Peace of Mind in Accounting: Getting Your Books in Order
Accounting issues for dentists crop up just like with any other business: lack of time and investment. This is more than just a denial of issues, but also thinking those issues won’t crop up over the long term. Maybe you don’t have someone looking specifically for problems in your accounting, but rather a front office employee already stretched thin between their primary duties. This isn’t doing the trick for your finances, and if it sounds familiar, it might be time to buckle down and start figuring out where you’re losing out.
Maybe your books are in such disarray that you’re thinking of Googling “dental accountants near me” before you know it. This can seem like a great idea in the moment, but the first thing you should do is find time to figure things out on your own and take stock of your books. We don’t always realize where we’re losing money until we actually look:
- Debt structuring: Would you rather pay $25,000 out of pocket or can you finance for a few months? There’s no need to wipe out a giant chunk of change when you can manage solid payments for a small duration.
- Overhead: Do you have a set payment practice/rubric for employees at the professional and part time level? Do you even know what those numbers are relative to minimum wage and average salary bases? Answering this questions will put you in a better position to distribute a long term payroll plan that takes your profit into account.
- Taxes: Are you familiar with the rules garnering the type of business you run relative to your quarterly and yearly gross? Sometimes we push our taxes to the backburner until we’re hit with a bill potentially costing thousands.
We all know that the best investment you can make in your business is to actually invest in it. This might sound easier said than done, but a truly dedicated CPA for your practice should be at the top of your hiring list, right after customer service representatives in your front office.

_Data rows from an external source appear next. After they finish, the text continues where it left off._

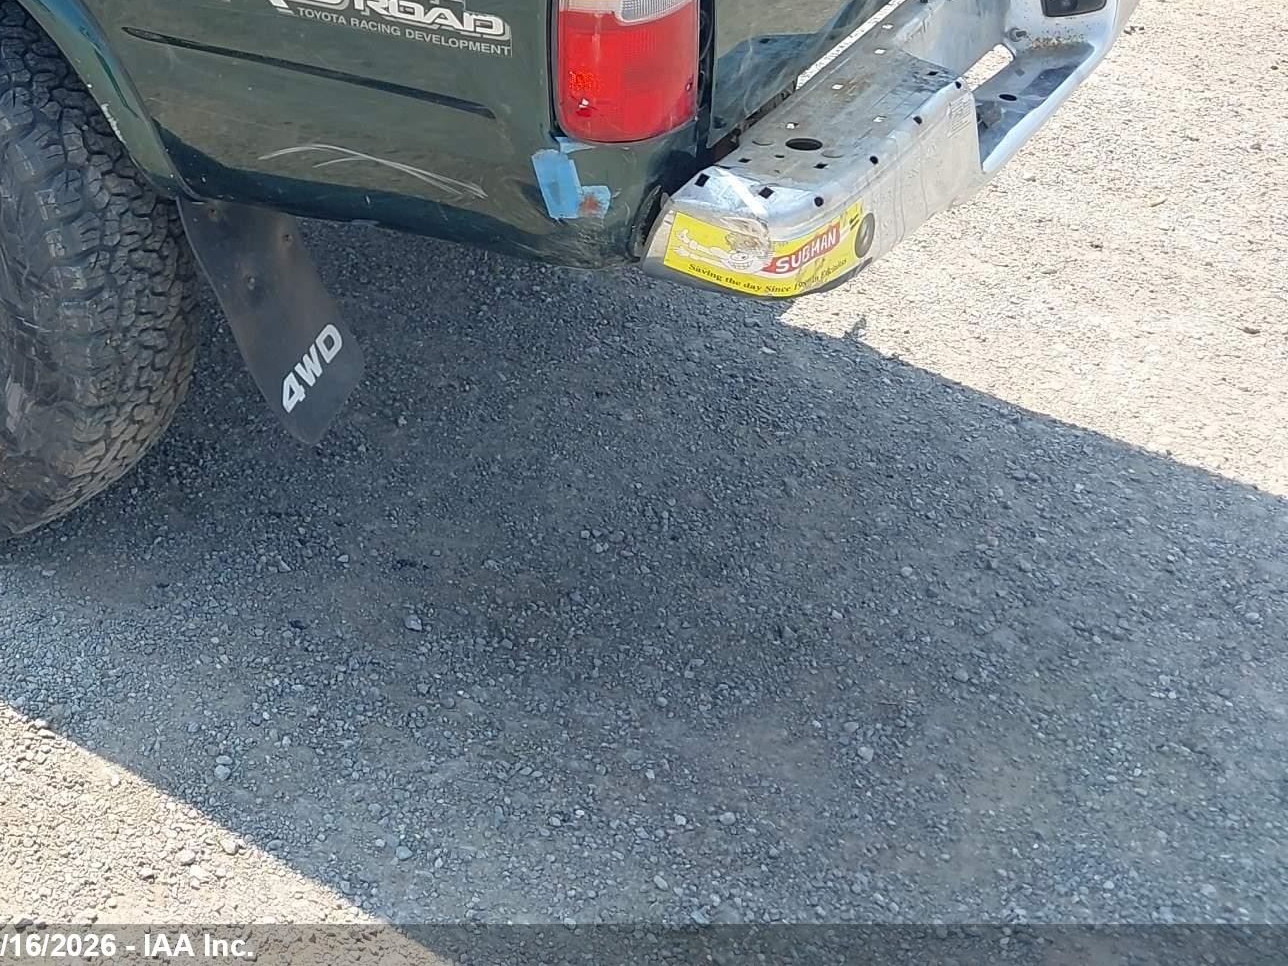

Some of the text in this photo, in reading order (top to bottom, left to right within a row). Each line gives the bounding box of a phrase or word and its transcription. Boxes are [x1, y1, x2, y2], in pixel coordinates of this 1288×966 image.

[297, 7, 511, 57] TOYOTA RACING DEVELOPMENT
[688, 263, 722, 281] Saving
[725, 277, 742, 286] the
[743, 281, 762, 292] day
[764, 285, 792, 293] Since
[282, 323, 343, 414] 4WD

Dental CPA costs have risen over the years, yet the specialty accounting practices required for this job have gone up just as much. You obviously want someone with experience in the industry, who is familiar with dental practice management and all of the duties that come with effective bookkeeping:
- Clear labeling of dates and receipts to reduce confusion and overload. No one wants to be digging around “October” trying to figure out what year it is.

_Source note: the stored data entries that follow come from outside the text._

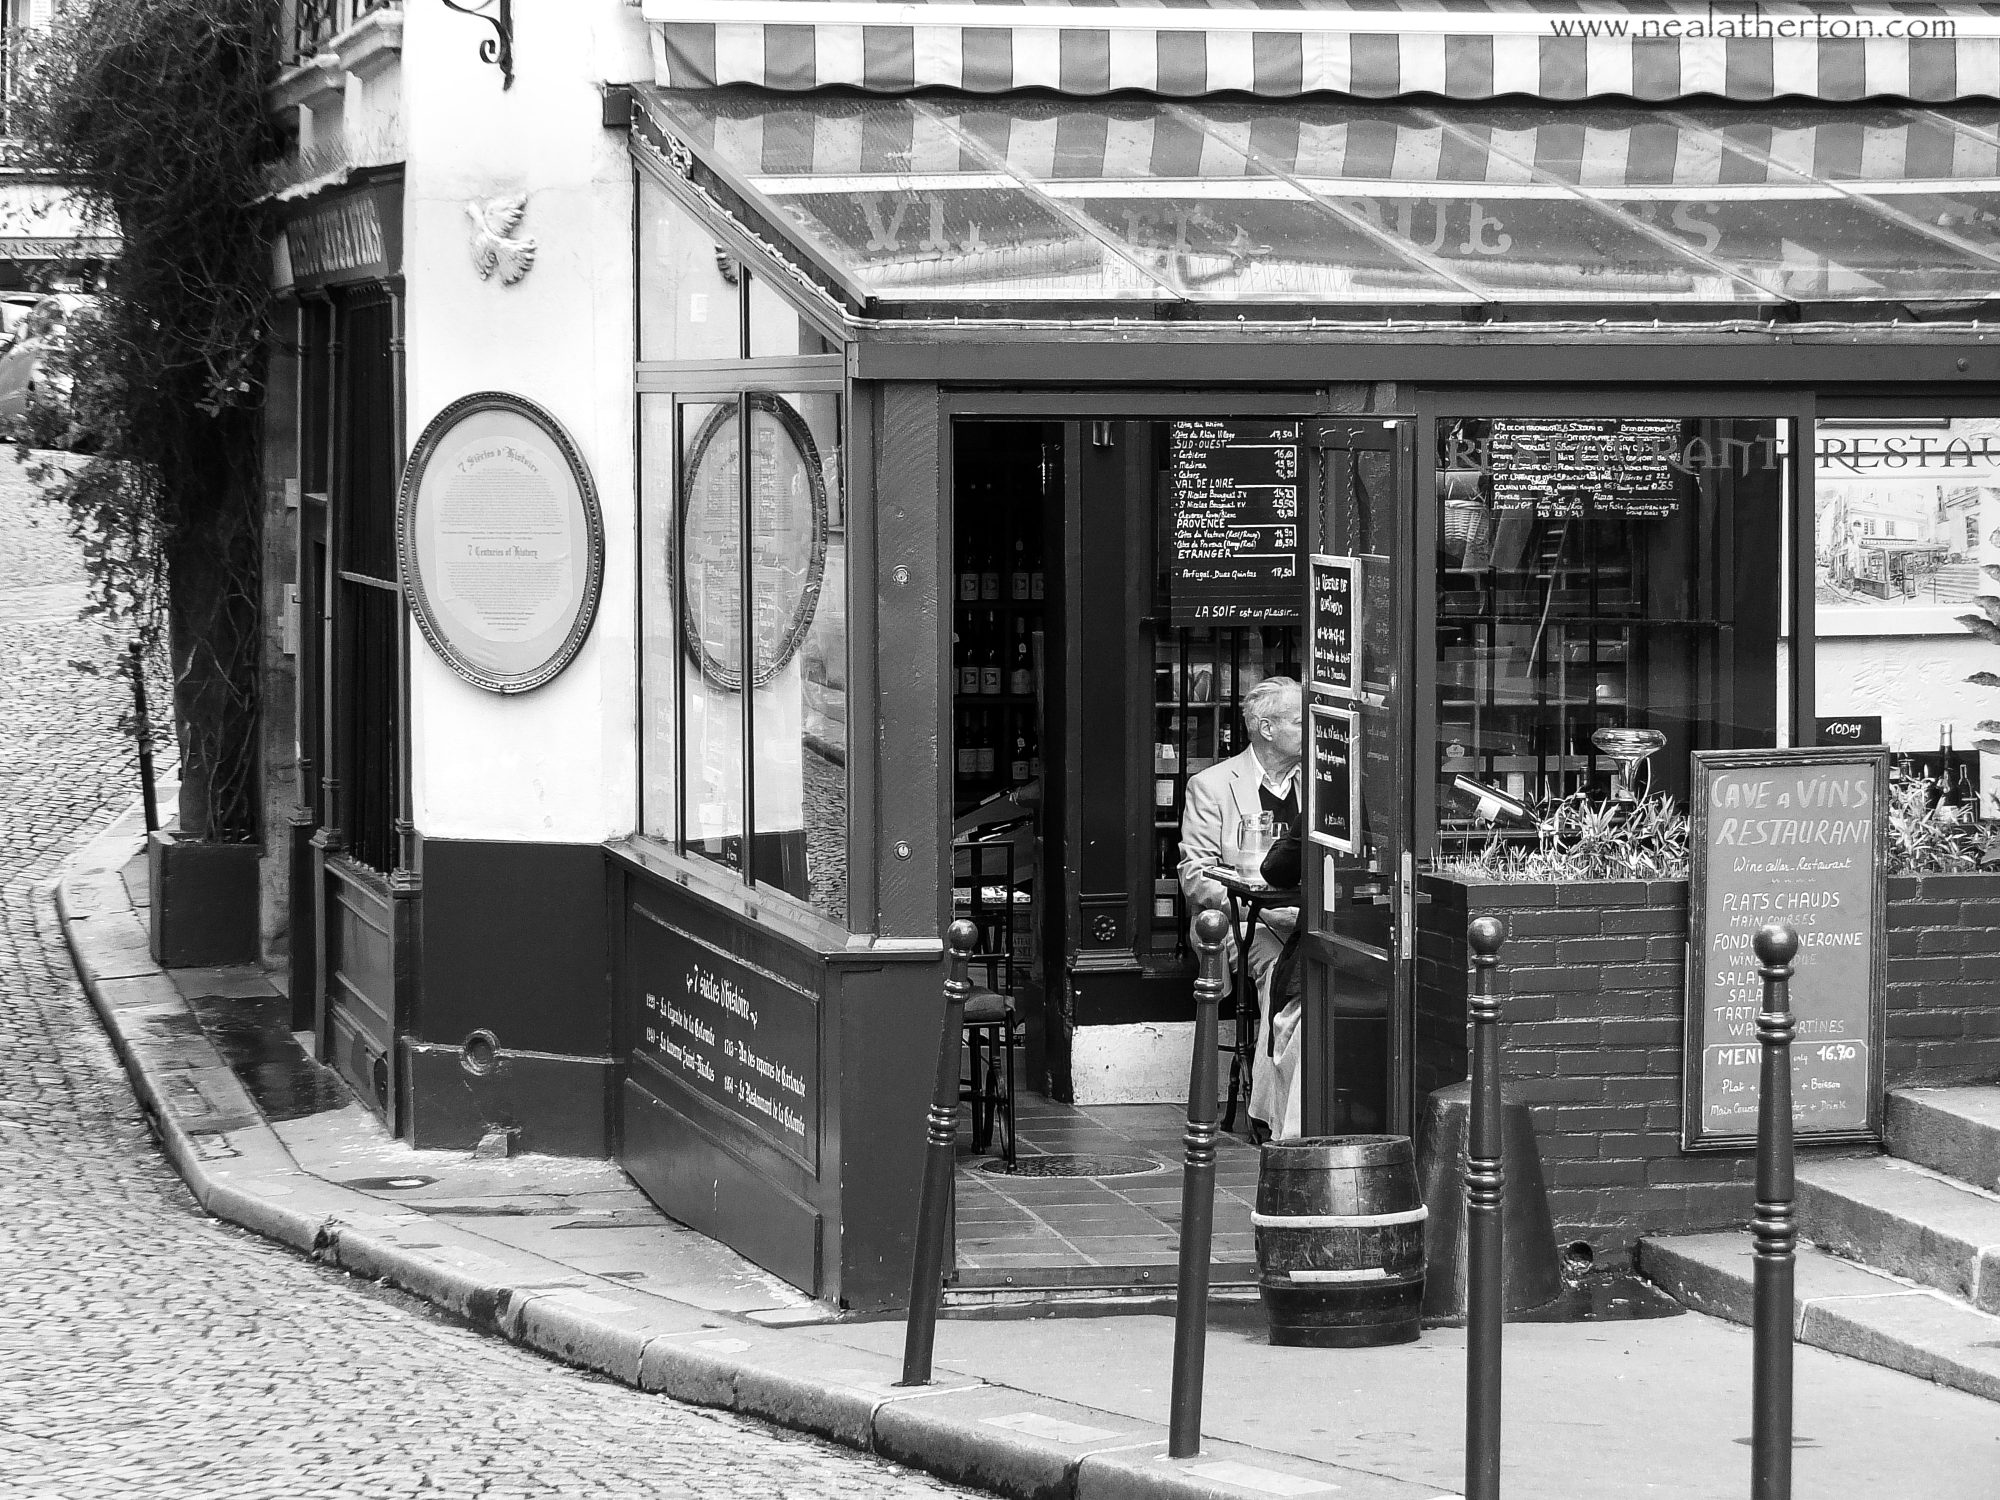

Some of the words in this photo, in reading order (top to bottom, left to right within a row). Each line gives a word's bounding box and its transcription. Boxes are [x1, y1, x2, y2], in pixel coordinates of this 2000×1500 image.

[1175, 478, 1193, 488] VAL
[1197, 478, 1208, 488] DE
[1210, 478, 1234, 488] LOIRE
[1176, 519, 1225, 528] PROVENCE
[467, 544, 473, 557] 7
[475, 546, 504, 557] Centuries
[505, 547, 512, 557] of
[512, 545, 539, 560] History
[1178, 549, 1232, 559] ETRANGER
[1195, 605, 1209, 617] LA
[1212, 605, 1237, 617] SOIF
[1239, 607, 1253, 617] est
[1825, 722, 1862, 738] TODAY
[1711, 774, 1775, 809] CAVE
[1715, 818, 1872, 845] RESTAURANT
[1733, 856, 1762, 873] Wine
[1722, 892, 1769, 912] PLATS
[1774, 891, 1840, 910] CHAUDS
[1767, 913, 1816, 927] COURSES

- Recording each business transaction, from salaries to equipment purchase. There shouldn’t be a “$10,000 operational surprise” one month.
- Utilize effective, easy-to-use management programs. Companies like Quickbooks and other CRM solutions should represent an efficient, less-wasteful method of keeping track of all of your finances. Maybe you want something searchable, or something faster and leaner so you can crosstrain your other employees. Research what fits your business, and then use it.
As with all types of companies, each investment comes with risk. When it comes to your accounting, the peace of mind offered by knowing that someone is looking over your finances in a detailed, focused way should outweigh any doubts you may have. Once you have a grasp on how the numbers work, you can review them yourself and look for inconsistencies and things you might want to change. Being able to make your practice run as smoothly as possible is just one of the benefits of hiring a certified accountant, but it’s your job to make sure the numbers fit.